Published: June 26, 2024
Last updated: April 3, 2026

Year-end closing in Poland for a sp. z o.o. is a formal legal, accounting and tax process. If your Polish limited liability company follows the calendar year, the 2025 financial year closing requires preparation of annual financial statements, shareholders’ approval, filing annual accounts with KRS and filing the annual CIT-8 return.

This guide explains the key deadlines for financial statements in Poland, KRS filing after approval, CIT-8 deadline in Poland and the position of an inactive or dormant company in Poland.

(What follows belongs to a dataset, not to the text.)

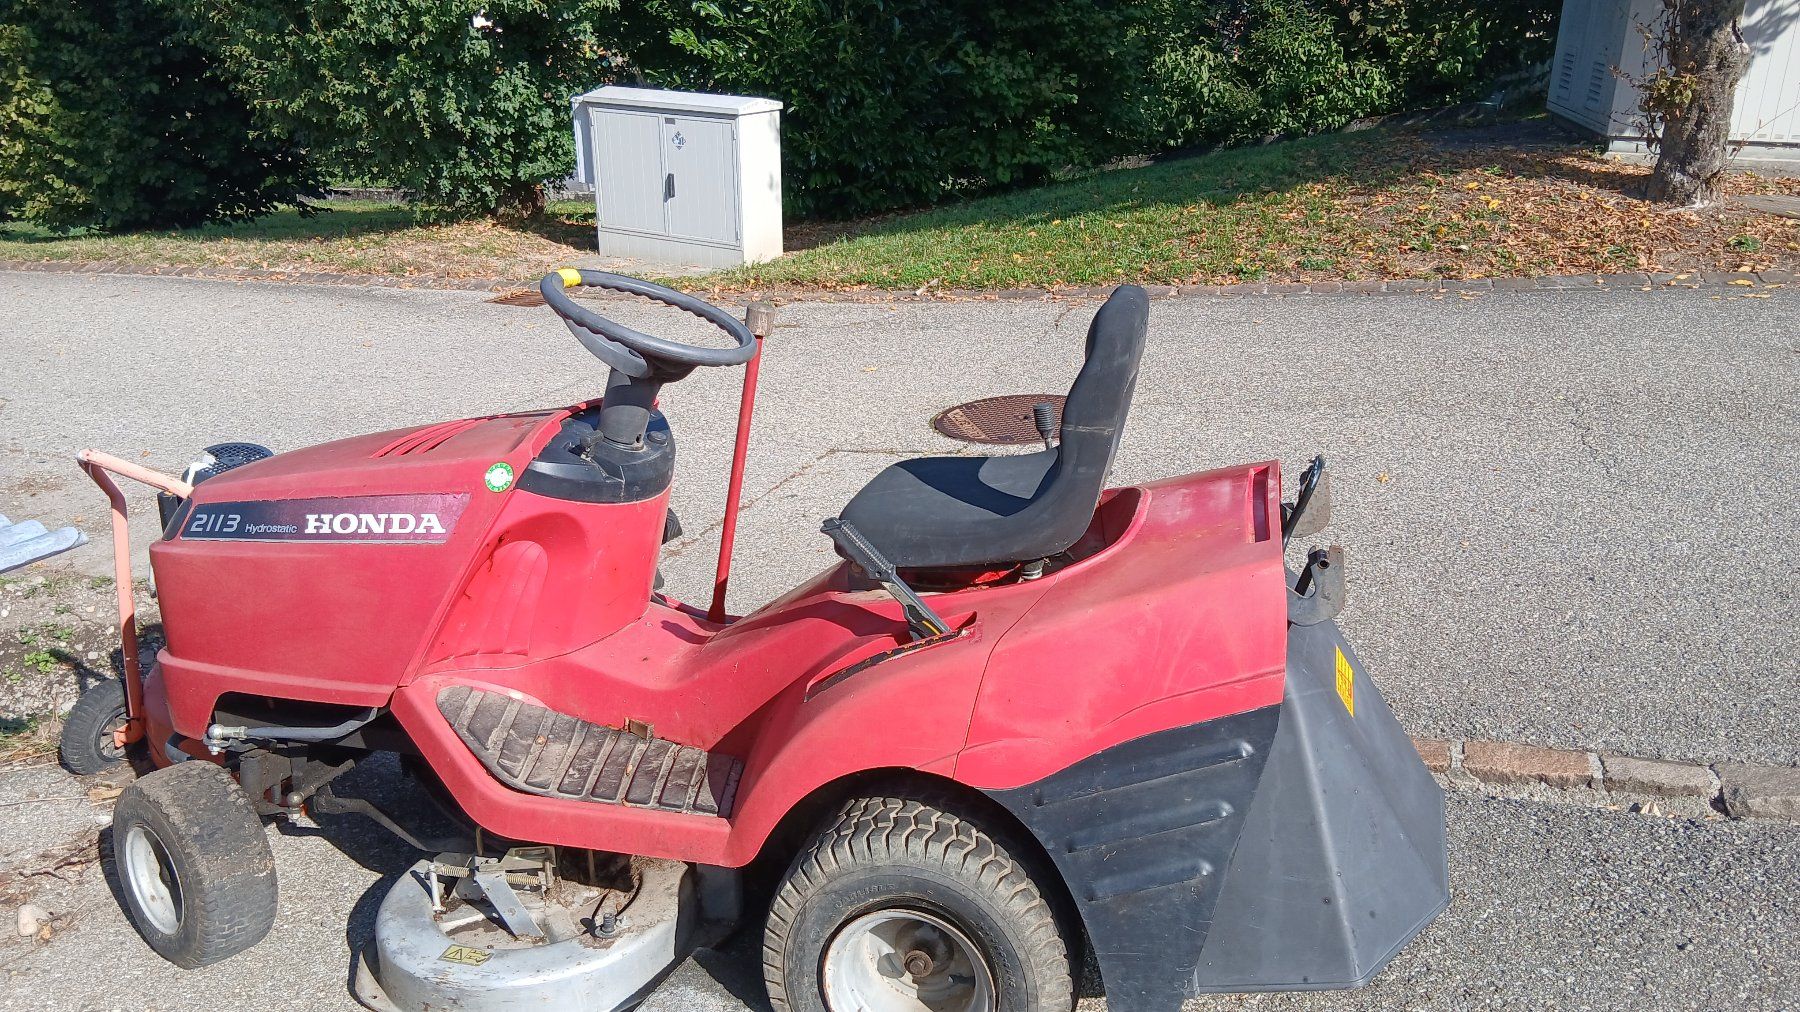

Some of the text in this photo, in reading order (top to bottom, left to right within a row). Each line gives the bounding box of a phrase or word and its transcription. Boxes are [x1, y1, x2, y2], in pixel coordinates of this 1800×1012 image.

These obligations are mandatory and should be planned well before the end of March, not left until the final days of June or July.

Key deadlines for a Polish sp. z o.o. in 2026

For a company whose financial year ended on December 31, 2025, the main deadlines are as follows.

Obligation Deadline What it means in practice
Preparation and signing of annual financial statements March 31, 2026 The financial statements must be prepared electronically and signed by the required persons.
Approval of financial statements by shareholders June 30, 2026 The shareholders must approve the statements and adopt the required corporate resolutions.
Filing of approved documents with KRS July 15, 2026 The approved package must be filed electronically within 15 days after approval.
Filing of annual CIT-8 tax return and payment of tax March 31, 2026 The company files CIT-8 and pays any annual corporate income tax due.

These dates assume that the company’s financial year is the same as the calendar year. If your company uses a different financial year, the same rules apply but the dates shift accordingly.

1. Financial statements deadline in Poland: March 31, 2026

The first stage is the preparation of the annual financial statements. For a company with a calendar financial year, this must be done no later than March 31 of the following year.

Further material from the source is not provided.